All of lore.kernel.org
 help / color / mirror / Atom feed
From: Jason Gunthorpe <jgg@nvidia.com>
To: Alistair Popple <apopple@nvidia.com>
Cc: Tejun Heo <tj@kernel.org>, Michal Hocko <mhocko@suse.com>,
	Yosry Ahmed <yosryahmed@google.com>,
	linux-mm@kvack.org, cgroups@vger.kernel.org,
	linux-kernel@vger.kernel.org, jhubbard@nvidia.com,
	tjmercier@google.com, hannes@cmpxchg.org, surenb@google.com,
	mkoutny@suse.com, daniel@ffwll.ch,
	"Daniel P . Berrange" <berrange@redhat.com>,
	Alex Williamson <alex.williamson@redhat.com>,
	Zefan Li <lizefan.x@bytedance.com>,
	Andrew Morton <akpm@linux-foundation.org>
Subject: Re: [PATCH 14/19] mm: Introduce a cgroup for pinned memory
Date: Wed, 22 Feb 2023 21:53:56 -0400	[thread overview]

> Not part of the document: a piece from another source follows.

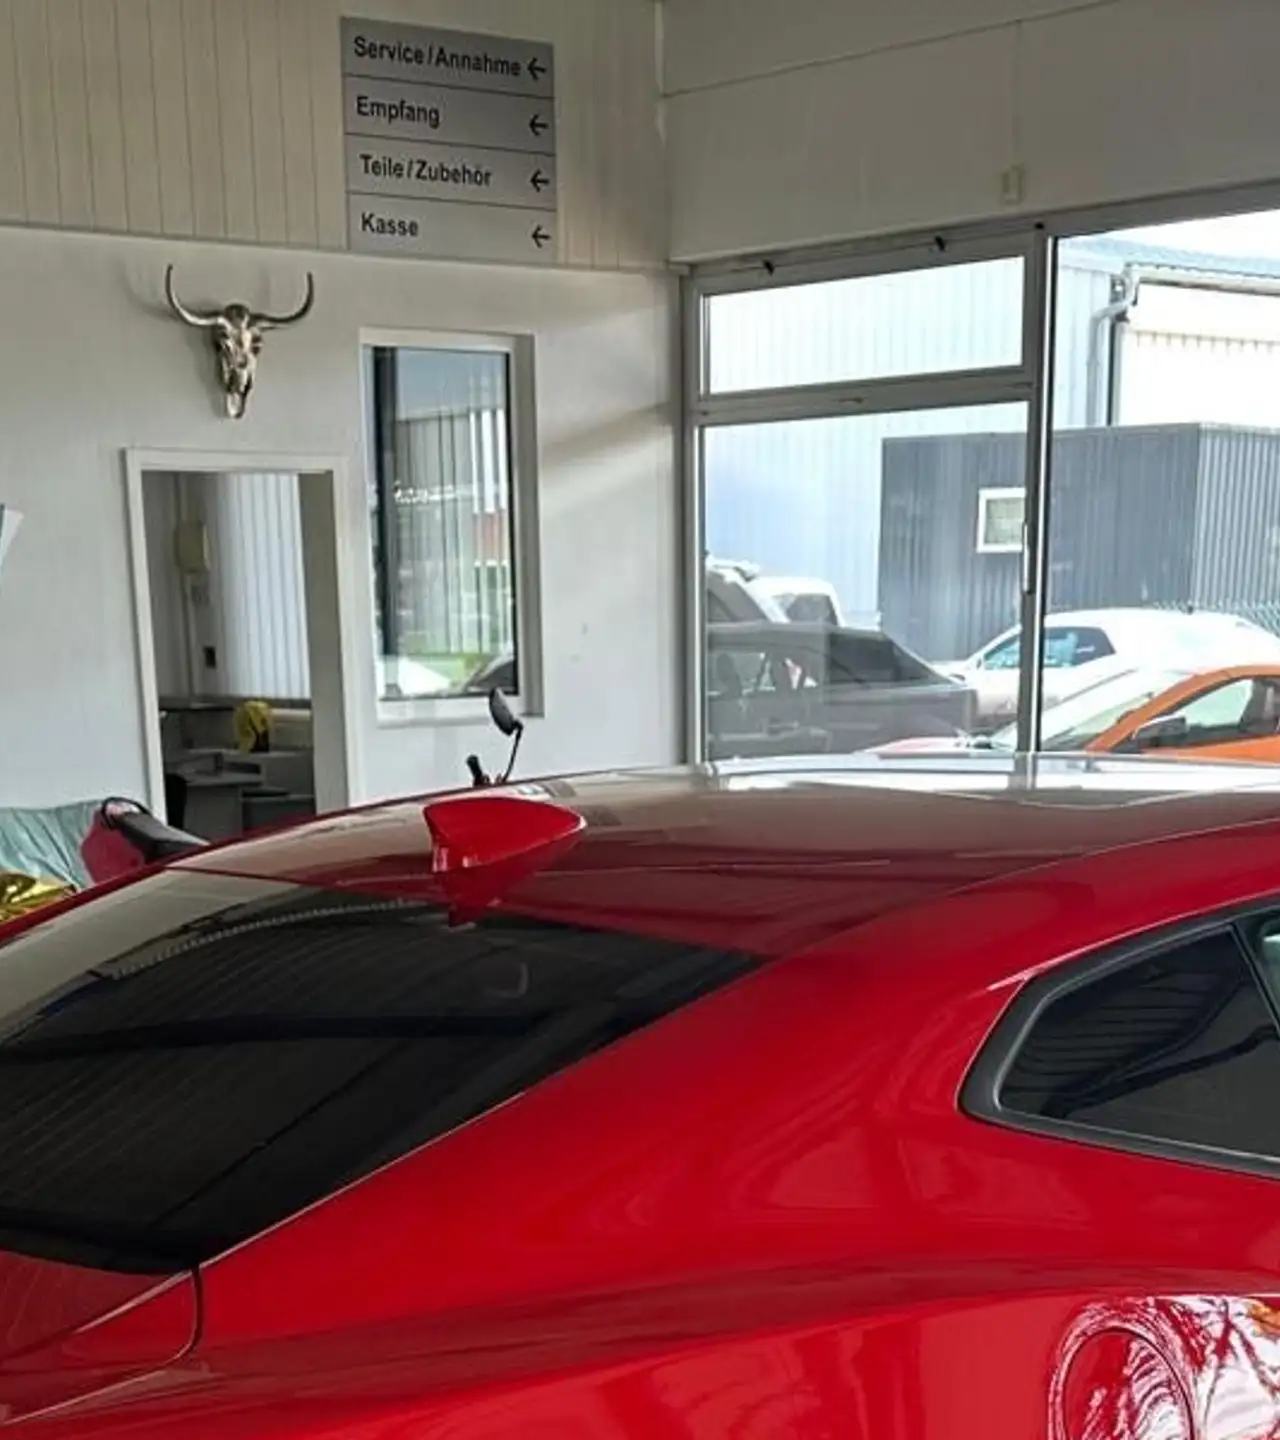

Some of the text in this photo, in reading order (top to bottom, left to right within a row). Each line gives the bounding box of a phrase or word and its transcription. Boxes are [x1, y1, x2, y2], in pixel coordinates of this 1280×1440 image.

[354, 36, 522, 76] Service/Annahme
[357, 95, 440, 129] Empfang
[361, 211, 419, 237] Kasse

Message-ID: <Y/bHNO7A8T3QQ5T+@nvidia.com> (raw)
In-Reply-To: <87k009nvnr.fsf@nvidia.com>

On Thu, Feb 23, 2023 at 09:59:35AM +1100, Alistair Popple wrote:
> 
> Jason Gunthorpe <jgg@nvidia.com> writes:
> 
> > On Wed, Feb 22, 2023 at 10:38:25PM +1100, Alistair Popple wrote:
> >> When a driver unpins a page we scan the pinners list and assign
> >> ownership to the next driver pinning the page by updating memcg_data and
> >> removing the vm_account from the list.
> >
> > I don't see how this works with just the data structure you outlined??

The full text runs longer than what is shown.